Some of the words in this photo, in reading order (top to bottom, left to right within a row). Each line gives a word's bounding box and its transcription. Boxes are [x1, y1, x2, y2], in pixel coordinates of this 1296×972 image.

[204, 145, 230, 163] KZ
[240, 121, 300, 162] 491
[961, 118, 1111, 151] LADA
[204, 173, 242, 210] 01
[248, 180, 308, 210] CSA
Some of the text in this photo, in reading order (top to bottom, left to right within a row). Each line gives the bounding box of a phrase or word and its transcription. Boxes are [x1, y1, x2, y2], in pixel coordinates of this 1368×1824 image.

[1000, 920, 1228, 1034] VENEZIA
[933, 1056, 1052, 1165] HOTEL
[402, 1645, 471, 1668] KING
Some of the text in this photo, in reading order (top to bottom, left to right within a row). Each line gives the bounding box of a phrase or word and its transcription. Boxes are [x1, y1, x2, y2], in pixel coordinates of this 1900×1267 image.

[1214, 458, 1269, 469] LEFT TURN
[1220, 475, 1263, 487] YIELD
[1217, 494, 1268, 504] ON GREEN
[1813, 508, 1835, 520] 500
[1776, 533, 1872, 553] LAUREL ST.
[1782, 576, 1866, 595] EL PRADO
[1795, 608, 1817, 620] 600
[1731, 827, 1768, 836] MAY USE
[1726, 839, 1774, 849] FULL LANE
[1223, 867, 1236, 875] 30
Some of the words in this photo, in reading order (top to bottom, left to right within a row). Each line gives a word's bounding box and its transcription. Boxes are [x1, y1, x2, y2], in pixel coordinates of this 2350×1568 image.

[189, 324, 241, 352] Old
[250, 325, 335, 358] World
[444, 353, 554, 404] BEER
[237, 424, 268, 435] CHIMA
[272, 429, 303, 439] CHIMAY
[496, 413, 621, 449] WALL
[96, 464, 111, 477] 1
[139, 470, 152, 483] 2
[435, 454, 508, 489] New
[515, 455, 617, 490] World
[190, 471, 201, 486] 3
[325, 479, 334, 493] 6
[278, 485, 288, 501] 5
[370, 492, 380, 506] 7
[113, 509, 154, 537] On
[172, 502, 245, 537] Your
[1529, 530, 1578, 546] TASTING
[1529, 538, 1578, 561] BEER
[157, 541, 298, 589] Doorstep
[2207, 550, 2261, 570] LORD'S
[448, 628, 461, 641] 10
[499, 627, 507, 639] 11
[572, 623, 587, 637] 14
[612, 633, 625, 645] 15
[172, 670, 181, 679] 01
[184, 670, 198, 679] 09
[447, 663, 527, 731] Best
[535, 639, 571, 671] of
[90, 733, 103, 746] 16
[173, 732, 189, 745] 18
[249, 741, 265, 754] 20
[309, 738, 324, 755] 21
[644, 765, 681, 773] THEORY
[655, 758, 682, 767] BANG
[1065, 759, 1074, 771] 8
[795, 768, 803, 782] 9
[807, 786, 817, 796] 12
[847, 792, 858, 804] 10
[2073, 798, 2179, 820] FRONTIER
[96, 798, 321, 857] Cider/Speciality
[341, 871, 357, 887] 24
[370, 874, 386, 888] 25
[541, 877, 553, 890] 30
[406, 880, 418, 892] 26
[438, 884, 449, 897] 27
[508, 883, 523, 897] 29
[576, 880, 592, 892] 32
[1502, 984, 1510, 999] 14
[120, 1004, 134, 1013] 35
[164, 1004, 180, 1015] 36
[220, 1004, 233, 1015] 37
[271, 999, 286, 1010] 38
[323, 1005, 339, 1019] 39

■ ■ ■ ■ ■ ■ ■

:: Brief ::
Write out the full listing exactly as given.

:: Reply ::
Some of the words in this photo, in reading order (top to bottom, left to right within a row). Each line gives a word's bounding box and its transcription. Boxes are [x1, y1, x2, y2], in pixel coordinates of this 1296×972 image.

[204, 145, 230, 163] KZ
[240, 121, 300, 162] 491
[961, 118, 1111, 151] LADA
[204, 173, 242, 210] 01
[248, 180, 308, 210] CSA
Some of the text in this photo, in reading order (top to bottom, left to right within a row). Each line gives the bounding box of a phrase or word and its transcription. Boxes are [x1, y1, x2, y2], in pixel coordinates of this 1368×1824 image.

[1000, 920, 1228, 1034] VENEZIA
[933, 1056, 1052, 1165] HOTEL
[402, 1645, 471, 1668] KING
Some of the text in this photo, in reading order (top to bottom, left to right within a row). Each line gives the bounding box of a phrase or word and its transcription. Boxes are [x1, y1, x2, y2], in pixel coordinates of this 1900×1267 image.

[1214, 458, 1269, 469] LEFT TURN
[1220, 475, 1263, 487] YIELD
[1217, 494, 1268, 504] ON GREEN
[1813, 508, 1835, 520] 500
[1776, 533, 1872, 553] LAUREL ST.
[1782, 576, 1866, 595] EL PRADO
[1795, 608, 1817, 620] 600
[1731, 827, 1768, 836] MAY USE
[1726, 839, 1774, 849] FULL LANE
[1223, 867, 1236, 875] 30
Some of the words in this photo, in reading order (top to bottom, left to right within a row). Each line gives a word's bounding box and its transcription. Boxes are [x1, y1, x2, y2], in pixel coordinates of this 2350×1568 image.

[189, 324, 241, 352] Old
[250, 325, 335, 358] World
[444, 353, 554, 404] BEER
[237, 424, 268, 435] CHIMA
[272, 429, 303, 439] CHIMAY
[496, 413, 621, 449] WALL
[96, 464, 111, 477] 1
[139, 470, 152, 483] 2
[435, 454, 508, 489] New
[515, 455, 617, 490] World
[190, 471, 201, 486] 3
[325, 479, 334, 493] 6
[278, 485, 288, 501] 5
[370, 492, 380, 506] 7
[113, 509, 154, 537] On
[172, 502, 245, 537] Your
[1529, 530, 1578, 546] TASTING
[1529, 538, 1578, 561] BEER
[157, 541, 298, 589] Doorstep
[2207, 550, 2261, 570] LORD'S
[448, 628, 461, 641] 10
[499, 627, 507, 639] 11
[572, 623, 587, 637] 14
[612, 633, 625, 645] 15
[172, 670, 181, 679] 01
[184, 670, 198, 679] 09
[447, 663, 527, 731] Best
[535, 639, 571, 671] of
[90, 733, 103, 746] 16
[173, 732, 189, 745] 18
[249, 741, 265, 754] 20
[309, 738, 324, 755] 21
[644, 765, 681, 773] THEORY
[655, 758, 682, 767] BANG
[1065, 759, 1074, 771] 8
[795, 768, 803, 782] 9
[807, 786, 817, 796] 12
[847, 792, 858, 804] 10
[2073, 798, 2179, 820] FRONTIER
[96, 798, 321, 857] Cider/Speciality
[341, 871, 357, 887] 24
[370, 874, 386, 888] 25
[541, 877, 553, 890] 30
[406, 880, 418, 892] 26
[438, 884, 449, 897] 27
[508, 883, 523, 897] 29
[576, 880, 592, 892] 32
[1502, 984, 1510, 999] 14
[120, 1004, 134, 1013] 35
[164, 1004, 180, 1015] 36
[220, 1004, 233, 1015] 37
[271, 999, 286, 1010] 38
[323, 1005, 339, 1019] 39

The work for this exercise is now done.